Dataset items
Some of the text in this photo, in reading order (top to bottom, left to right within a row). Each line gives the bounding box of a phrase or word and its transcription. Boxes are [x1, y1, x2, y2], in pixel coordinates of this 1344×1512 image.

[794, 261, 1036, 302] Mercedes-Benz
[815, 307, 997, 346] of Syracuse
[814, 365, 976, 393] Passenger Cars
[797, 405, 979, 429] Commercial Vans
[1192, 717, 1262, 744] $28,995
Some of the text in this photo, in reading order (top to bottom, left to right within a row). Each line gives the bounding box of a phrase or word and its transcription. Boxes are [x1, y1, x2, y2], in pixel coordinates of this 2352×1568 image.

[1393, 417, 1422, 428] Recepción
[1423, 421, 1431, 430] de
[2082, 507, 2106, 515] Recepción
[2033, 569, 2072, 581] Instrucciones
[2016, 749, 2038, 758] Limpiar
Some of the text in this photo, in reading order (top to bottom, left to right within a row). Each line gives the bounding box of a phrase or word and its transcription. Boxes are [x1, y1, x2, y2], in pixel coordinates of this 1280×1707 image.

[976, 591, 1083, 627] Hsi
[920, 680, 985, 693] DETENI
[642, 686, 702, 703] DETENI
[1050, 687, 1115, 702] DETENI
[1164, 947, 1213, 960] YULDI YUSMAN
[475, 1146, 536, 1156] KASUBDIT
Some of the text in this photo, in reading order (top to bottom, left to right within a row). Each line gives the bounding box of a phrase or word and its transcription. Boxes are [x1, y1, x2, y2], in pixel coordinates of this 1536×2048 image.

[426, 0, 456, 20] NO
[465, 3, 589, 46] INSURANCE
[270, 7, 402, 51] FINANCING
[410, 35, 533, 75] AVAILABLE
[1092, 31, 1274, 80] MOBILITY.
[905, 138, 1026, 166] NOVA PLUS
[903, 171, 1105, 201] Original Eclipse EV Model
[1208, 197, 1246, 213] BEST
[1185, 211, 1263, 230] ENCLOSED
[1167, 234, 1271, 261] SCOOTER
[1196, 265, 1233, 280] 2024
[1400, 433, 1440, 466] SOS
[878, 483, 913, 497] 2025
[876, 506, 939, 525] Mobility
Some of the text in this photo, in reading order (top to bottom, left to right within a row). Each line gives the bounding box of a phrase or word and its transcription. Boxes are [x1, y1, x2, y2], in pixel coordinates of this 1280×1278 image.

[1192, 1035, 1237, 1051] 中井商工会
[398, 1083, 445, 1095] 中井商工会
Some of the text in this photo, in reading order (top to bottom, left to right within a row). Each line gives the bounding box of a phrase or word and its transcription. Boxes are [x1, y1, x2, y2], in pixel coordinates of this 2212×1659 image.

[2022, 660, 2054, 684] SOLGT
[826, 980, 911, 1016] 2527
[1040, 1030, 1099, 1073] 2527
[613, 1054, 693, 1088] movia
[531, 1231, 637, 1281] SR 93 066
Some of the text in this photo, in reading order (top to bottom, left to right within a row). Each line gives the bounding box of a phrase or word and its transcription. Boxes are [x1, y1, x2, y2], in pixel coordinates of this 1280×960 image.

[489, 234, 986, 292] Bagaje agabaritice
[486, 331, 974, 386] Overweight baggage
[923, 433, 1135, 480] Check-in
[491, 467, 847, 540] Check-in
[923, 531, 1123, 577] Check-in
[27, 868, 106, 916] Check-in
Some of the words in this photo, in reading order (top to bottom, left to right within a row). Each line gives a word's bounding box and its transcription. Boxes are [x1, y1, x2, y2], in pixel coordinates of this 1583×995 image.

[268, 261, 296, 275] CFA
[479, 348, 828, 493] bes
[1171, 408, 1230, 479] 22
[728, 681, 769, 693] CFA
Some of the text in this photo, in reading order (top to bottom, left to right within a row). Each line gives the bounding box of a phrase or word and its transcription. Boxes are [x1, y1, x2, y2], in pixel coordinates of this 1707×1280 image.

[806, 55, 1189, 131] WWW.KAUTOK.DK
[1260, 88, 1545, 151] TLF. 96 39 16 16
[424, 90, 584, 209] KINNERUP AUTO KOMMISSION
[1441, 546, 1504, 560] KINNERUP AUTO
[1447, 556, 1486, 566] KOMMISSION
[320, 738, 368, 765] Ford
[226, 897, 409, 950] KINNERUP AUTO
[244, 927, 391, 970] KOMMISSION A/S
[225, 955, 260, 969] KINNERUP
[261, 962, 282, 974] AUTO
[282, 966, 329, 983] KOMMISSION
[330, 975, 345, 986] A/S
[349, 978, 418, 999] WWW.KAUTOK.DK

TASK BRIEF
Look back at the records above. Repeat all of them exactly.

SOLUTION TO THIS EXERCISE
Some of the text in this photo, in reading order (top to bottom, left to right within a row). Each line gives the bounding box of a phrase or word and its transcription. Boxes are [x1, y1, x2, y2], in pixel coordinates of this 1344×1512 image.

[794, 261, 1036, 302] Mercedes-Benz
[815, 307, 997, 346] of Syracuse
[814, 365, 976, 393] Passenger Cars
[797, 405, 979, 429] Commercial Vans
[1192, 717, 1262, 744] $28,995
Some of the text in this photo, in reading order (top to bottom, left to right within a row). Each line gives the bounding box of a phrase or word and its transcription. Boxes are [x1, y1, x2, y2], in pixel coordinates of this 2352×1568 image.

[1393, 417, 1422, 428] Recepción
[1423, 421, 1431, 430] de
[2082, 507, 2106, 515] Recepción
[2033, 569, 2072, 581] Instrucciones
[2016, 749, 2038, 758] Limpiar
Some of the text in this photo, in reading order (top to bottom, left to right within a row). Each line gives the bounding box of a phrase or word and its transcription. Boxes are [x1, y1, x2, y2], in pixel coordinates of this 1280×1707 image.

[976, 591, 1083, 627] Hsi
[920, 680, 985, 693] DETENI
[642, 686, 702, 703] DETENI
[1050, 687, 1115, 702] DETENI
[1164, 947, 1213, 960] YULDI YUSMAN
[475, 1146, 536, 1156] KASUBDIT
Some of the text in this photo, in reading order (top to bottom, left to right within a row). Each line gives the bounding box of a phrase or word and its transcription. Boxes are [x1, y1, x2, y2], in pixel coordinates of this 1536×2048 image.

[426, 0, 456, 20] NO
[465, 3, 589, 46] INSURANCE
[270, 7, 402, 51] FINANCING
[410, 35, 533, 75] AVAILABLE
[1092, 31, 1274, 80] MOBILITY.
[905, 138, 1026, 166] NOVA PLUS
[903, 171, 1105, 201] Original Eclipse EV Model
[1208, 197, 1246, 213] BEST
[1185, 211, 1263, 230] ENCLOSED
[1167, 234, 1271, 261] SCOOTER
[1196, 265, 1233, 280] 2024
[1400, 433, 1440, 466] SOS
[878, 483, 913, 497] 2025
[876, 506, 939, 525] Mobility
Some of the text in this photo, in reading order (top to bottom, left to right within a row). Each line gives the bounding box of a phrase or word and its transcription. Boxes are [x1, y1, x2, y2], in pixel coordinates of this 1280×1278 image.

[1192, 1035, 1237, 1051] 中井商工会
[398, 1083, 445, 1095] 中井商工会
Some of the text in this photo, in reading order (top to bottom, left to right within a row). Each line gives the bounding box of a phrase or word and its transcription. Boxes are [x1, y1, x2, y2], in pixel coordinates of this 2212×1659 image.

[2022, 660, 2054, 684] SOLGT
[826, 980, 911, 1016] 2527
[1040, 1030, 1099, 1073] 2527
[613, 1054, 693, 1088] movia
[531, 1231, 637, 1281] SR 93 066
Some of the text in this photo, in reading order (top to bottom, left to right within a row). Each line gives the bounding box of a phrase or word and its transcription. Boxes are [x1, y1, x2, y2], in pixel coordinates of this 1280×960 image.

[489, 234, 986, 292] Bagaje agabaritice
[486, 331, 974, 386] Overweight baggage
[923, 433, 1135, 480] Check-in
[491, 467, 847, 540] Check-in
[923, 531, 1123, 577] Check-in
[27, 868, 106, 916] Check-in
Some of the words in this photo, in reading order (top to bottom, left to right within a row). Each line gives a word's bounding box and its transcription. Boxes are [x1, y1, x2, y2], in pixel coordinates of this 1583×995 image.

[268, 261, 296, 275] CFA
[479, 348, 828, 493] bes
[1171, 408, 1230, 479] 22
[728, 681, 769, 693] CFA
Some of the text in this photo, in reading order (top to bottom, left to right within a row). Each line gives the bounding box of a phrase or word and its transcription. Boxes are [x1, y1, x2, y2], in pixel coordinates of this 1707×1280 image.

[806, 55, 1189, 131] WWW.KAUTOK.DK
[1260, 88, 1545, 151] TLF. 96 39 16 16
[424, 90, 584, 209] KINNERUP AUTO KOMMISSION
[1441, 546, 1504, 560] KINNERUP AUTO
[1447, 556, 1486, 566] KOMMISSION
[320, 738, 368, 765] Ford
[226, 897, 409, 950] KINNERUP AUTO
[244, 927, 391, 970] KOMMISSION A/S
[225, 955, 260, 969] KINNERUP
[261, 962, 282, 974] AUTO
[282, 966, 329, 983] KOMMISSION
[330, 975, 345, 986] A/S
[349, 978, 418, 999] WWW.KAUTOK.DK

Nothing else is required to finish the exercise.